Jan Alexander and Bruce Weber

LISTEN to my December 17th, 2024 WIOX show (also a podcast!) featuring Bruce Weber and Jan Alexander.  Bruce is the producer and Jan is the coordinator of “Whirlwind” The 2025 Hudson Valley New Year’s Day Spoken Word/Performance Extravaganza.  Bruce and Jan will tell us about this great event and read from their writings.

 “Whirlwind” The 2025 Hudson Valley New Year’s Day Spoken Word/Performance Extravaganza, will take place Wednesday, January 1st, 2025 from 1:00-7:00 pm at The Local, 16 John Street, Saugerties.  Admission is free.  Wine and beer will be available for purchase.

 Bruce and Jan and the “Whirlwind” organizers/staff will gratefully accept donations of books, new and used, fiction and nonfiction, hardcover and paperback for the Greene Correctional Facility in Greene County, New York and non-perishable food, beverages, toothbrushes or toothpaste for the Saugerties Food Pantry, which provides food for nearly 250 men, women and children in the area each month.

 Bruce Weber is a poet and historian of American art. His poetry has been published widely in magazines both in print and online, and he is the author of six books of poetry, including These Poems Are Not Pretty (with Jan McLaughlin), How the Poem Died, The First Time I Had Sex with T. S. Eliot, Poetic Justice, The Breakup of My First Marriage, and most recently, There Are Too Many Words in My House (Rogue Scholars Press, 2019). For twenty-five years he organized the Alternative New Year’s Day Spoken Word/Performance Extravaganza in New York City. Upon settling in Saugerties in the Hudson Valley he moved the event where it will be held next year at The Local in Saugerties with the support of the Saugerties Arts Commission. Currently he and his wife Joanne curate the multidisciplinary series Dialogues for the Ear & Eye on the first Tuesday evening of the month at the 9W Diner in Saugerties.

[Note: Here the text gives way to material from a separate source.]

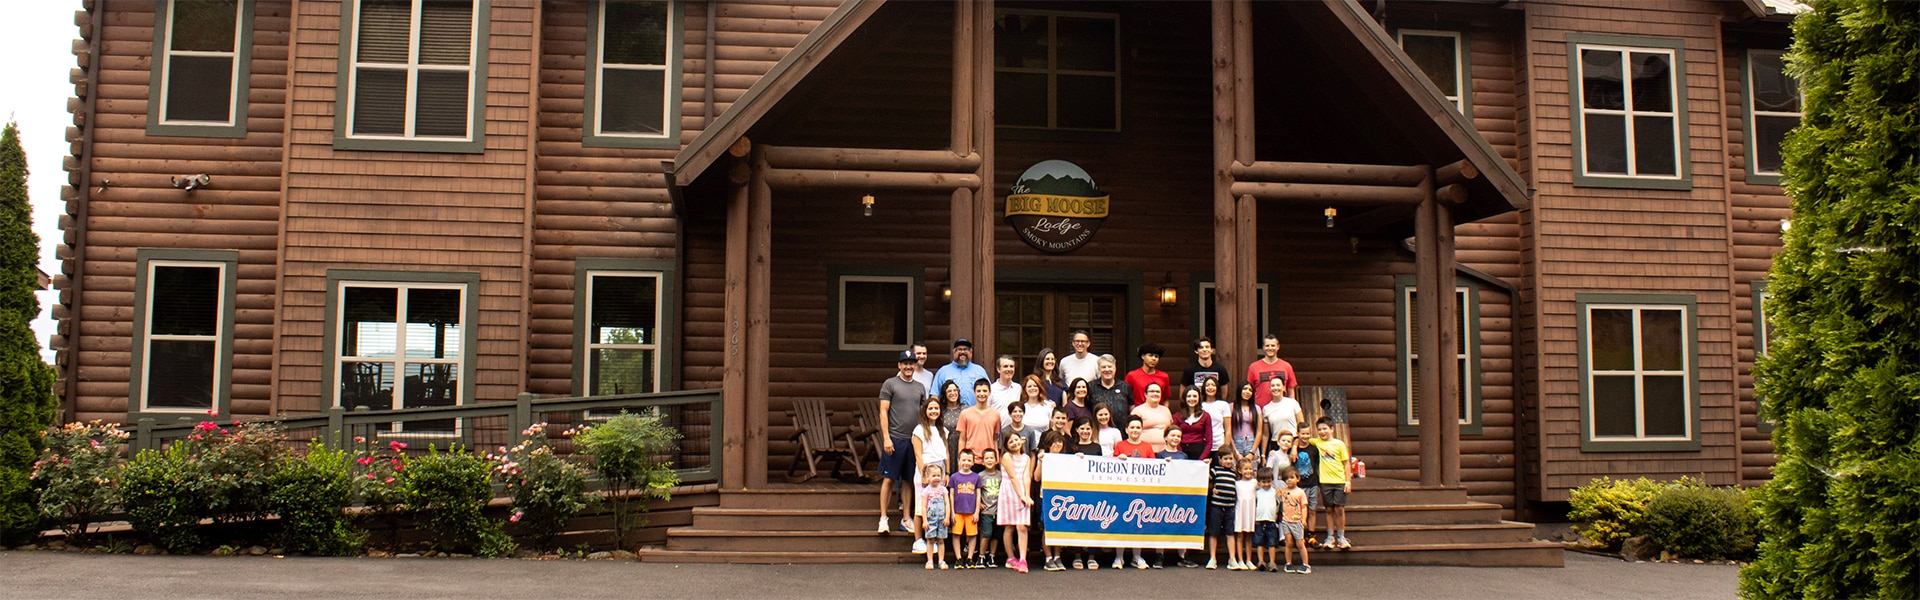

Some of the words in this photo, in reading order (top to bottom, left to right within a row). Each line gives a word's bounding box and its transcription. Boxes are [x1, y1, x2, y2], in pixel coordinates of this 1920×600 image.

 Jan Alexander is the author of the novel Ms. Ming’s Guide to Civilization (Regal House Publishing, Sept. 2019), a fractured utopian tale that was a Leap Frog Fiction Prize semi-finalist. Her short fiction and reviews have appeared in the Chicago Tribune and literary magazines including Atticus Review, Everyday Fiction, Flash Fiction, Guernica, Silver Birch Press, and 34th Parallel. Her flash fiction stories have received two honorable mentions and a Pushcart Prize nomination. She has written about business and travel for many publications and taught Chinese history at Brooklyn College. She is also the author of Getting to Lamma, a novel, and co-author of Bad Girls of the Silver Screen, a look at Hollywood’s portrayal of prostitutes through the ages.